The lungs are among the busiest organs in our body. It is their duty to supply oxygen to the rest of the body and drive out carbon dioxide. The lungs function by expanding when inhaling and contracting when exhaling at a rate of 20 times per minute.
Your lungs consist of two organs that look and work like a sponge. They are both filled with air and are located on opposite sides of the thorax or chest. The lungs are connected to the nose through the windpipe which is also known as the trachea. The air you inhale comes in through the trachea and enters the bronchi before entering the lungs. The bronchi are tubular branches that divide and further subdivide into a number of small and microscopic branches known as the bronchioles.

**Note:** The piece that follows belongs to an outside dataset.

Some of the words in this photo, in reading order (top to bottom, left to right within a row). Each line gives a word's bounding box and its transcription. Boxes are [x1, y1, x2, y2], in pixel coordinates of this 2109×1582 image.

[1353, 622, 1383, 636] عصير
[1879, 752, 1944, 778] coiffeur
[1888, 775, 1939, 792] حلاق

On the end of each of your bronchiole, there is a bunch of alveoli. The alveoli are small air sacs in which absorption of oxygen into blood takes place. Moreover, the expulsion of carbon dioxide also takes place in the alveoli. The carbon dioxide generated in your body as a result of metabolic reactions is expelled from the blood and absorbed by the alveoli, from where it is dispatched out of the body through exhalation. The alveoli are supported by a thin layer of cells, which is known as the interstitium that are present in between them.

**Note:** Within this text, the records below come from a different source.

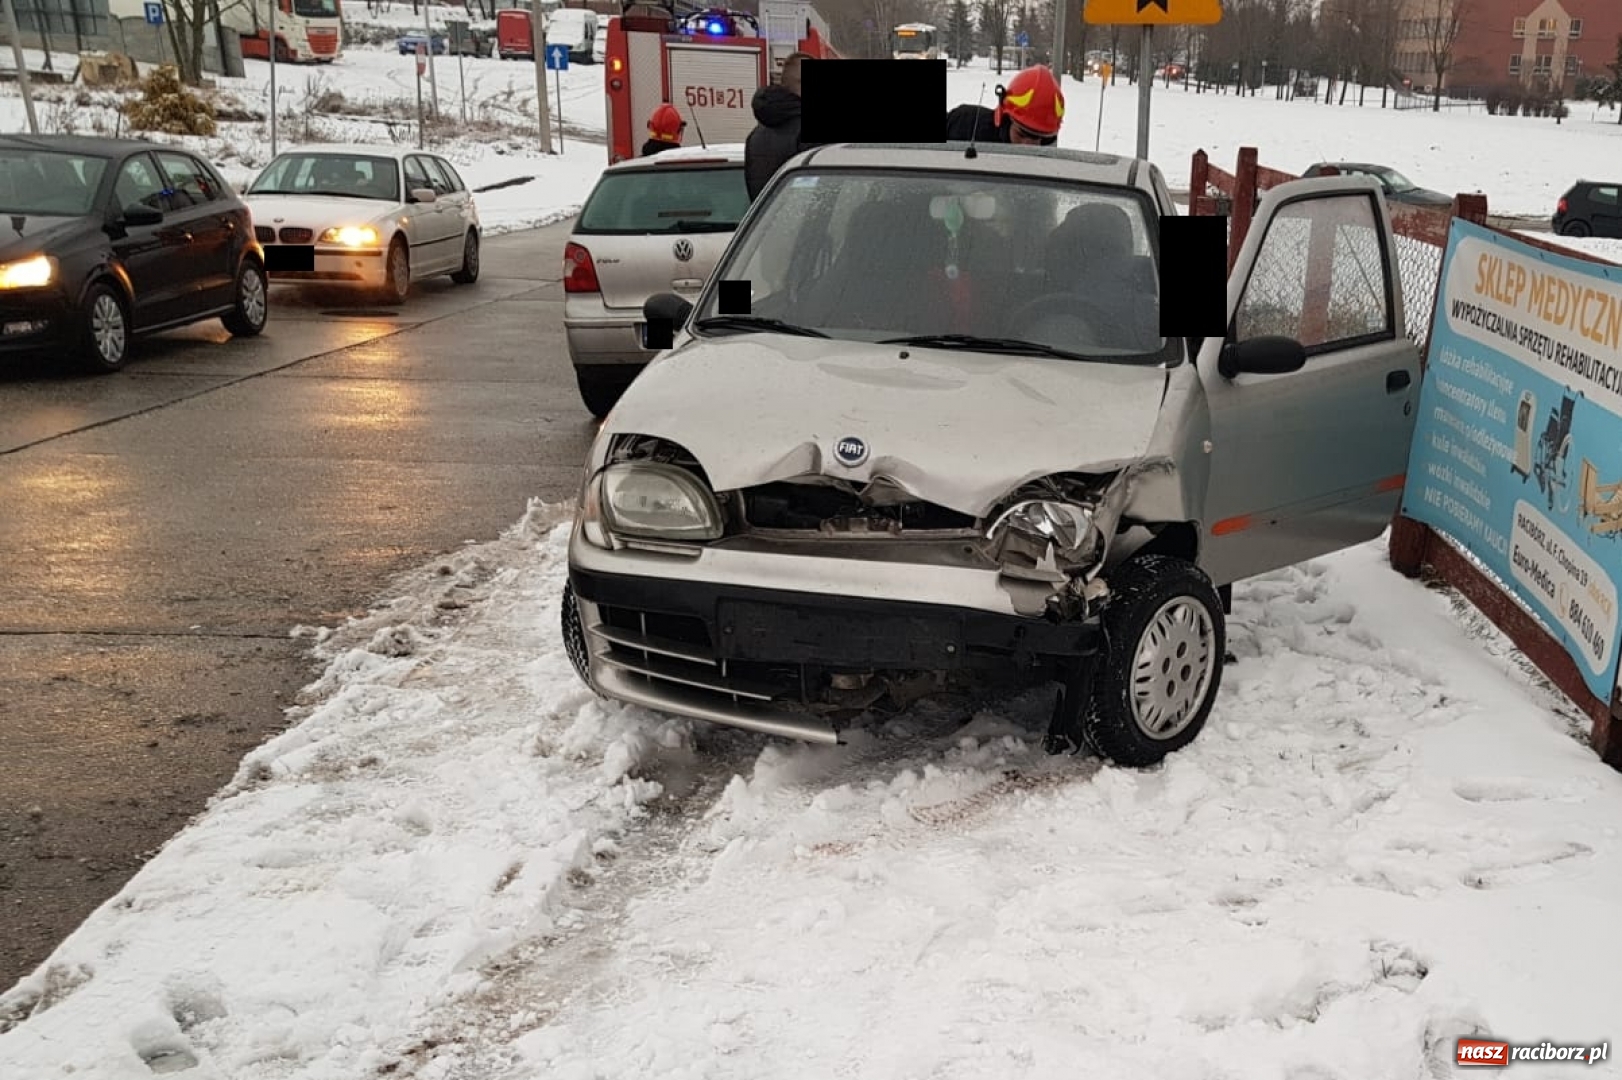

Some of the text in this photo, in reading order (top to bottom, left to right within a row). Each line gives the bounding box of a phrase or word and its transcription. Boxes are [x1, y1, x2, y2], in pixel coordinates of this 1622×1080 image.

[149, 8, 160, 23] P
[685, 86, 714, 108] 561
[727, 88, 744, 109] 21
[1474, 252, 1526, 308] SKLEP
[1452, 298, 1518, 342] WYPOŻYCZALNIA
[1518, 326, 1556, 361] SPRZĘTU
[839, 441, 864, 455] FIAT
[1423, 485, 1441, 508] NIE
[1512, 545, 1556, 600] Euro-Medica

The thin layer of tissue, called as Pleura, covers your lungs. It is also the same tissue layer that forms the lining of the inside portion of your chest cavity. There is a thin film of fluid also present around your lungs, which works in the same manner as a lubricant and allows your lungs to contract and expand smoothly without contracting any damage from the surrounding ribs.
The lungs perform the task of absorbing oxygen from the air that you inhale and expelling the carbon dioxide from your body with the air that you exhale. The functioning of lungs can thus be separated into two stages: inhalation and exhalation.
When you breathe in or inhale air, the diaphragm and the muscles present in between the ribs contract, increasing the space in the chest cavity for the lungs to expand. The air you inhale through your nose or mouth travels through the trachea and enters your lungs via the bronchioles. The air is then passed on to your air-sacs known as alveoli. In these air sacs, the transfer of oxygen takes place from the air sacs to the blood vessels. This transfer is aided by a protein present in the red blood cells known as hemoglobin. At exactly the same time, the transfer of carbon dioxide also takes place from the blood vessels to the air sacs. The oxygen that has been absorbed in the blood vessels in your lungs is transported first to the heart through the pulmonary vein and then from there to the rest of your body.
When you breathe out or exhale, the diaphragm and the surrounding muscles of the ribs relax, decreasing the space in the chest cavity and contracting the lungs. As your lungs contract, so do the alveoli, and the carbon dioxide present in them is forced out. The carbon dioxide then travels up through the bronchioles, the trachea and finally out of your body through the nose or mouth. Usually exhalation is a less stressful exercise than inhalation and does not require any kind of effort from the body since the muscles are relaxing. However, if you have a lung disease or are doing any kind of physical activity, your abdominal muscles will be contracting and putting even more pressure on the lungs, and then the lungs are usually put under by the relaxing diaphragm and rib muscles. This will force out the air more rapidly through your lungs than usual.
Your lungs can protect themselves very effectively. They have many ways of preventing the entry of irritants, following are some of the ways:
For instance, the nose has several hairs that filter the air entering the lungs. Any large particle that tries to enter into the lungs with the air will be caught in these hairs. The irritants that are small enough to pass through the nose cannot get past the sputum or phlegm which is a thin layer of mucus, lining the walls of the breathing tubes, through which the air is passed on to the lungs. The breathing tubes have small hair like fibers called cilia that perform the task of moving the mucus in an upward direction towards the throat. From the throat, the mucus is passed on to the epiglottis which takes the mucus in and let it be swallowed. This process of mucus swallowing goes on in your body which you may not even know.
Coughing is another means through which your lung protects itself. Coughing can help the lungs in expelling the mucus that has been building up in a much more quicker manner than the cilia. Coughing is not a normal thing though and occurs when your bronchial tubes are irritated.
Bronchospasm is the last method that is employed by your lungs to keep themselves protected from the irritants. It is a process in which the band of muscles that surround the airways of your lungs begin to tighten. This narrows the breathing tubes and keeps the irritants out. The tightening of these tubes is performed very rapidly, which is why it is given the name of bronchospasm. However, this method of irritant expulsion can prove to be extremely dangerous for you if you suffer from COPD or asthma since you won’t be able to breathe at all because of the narrowing of the airways.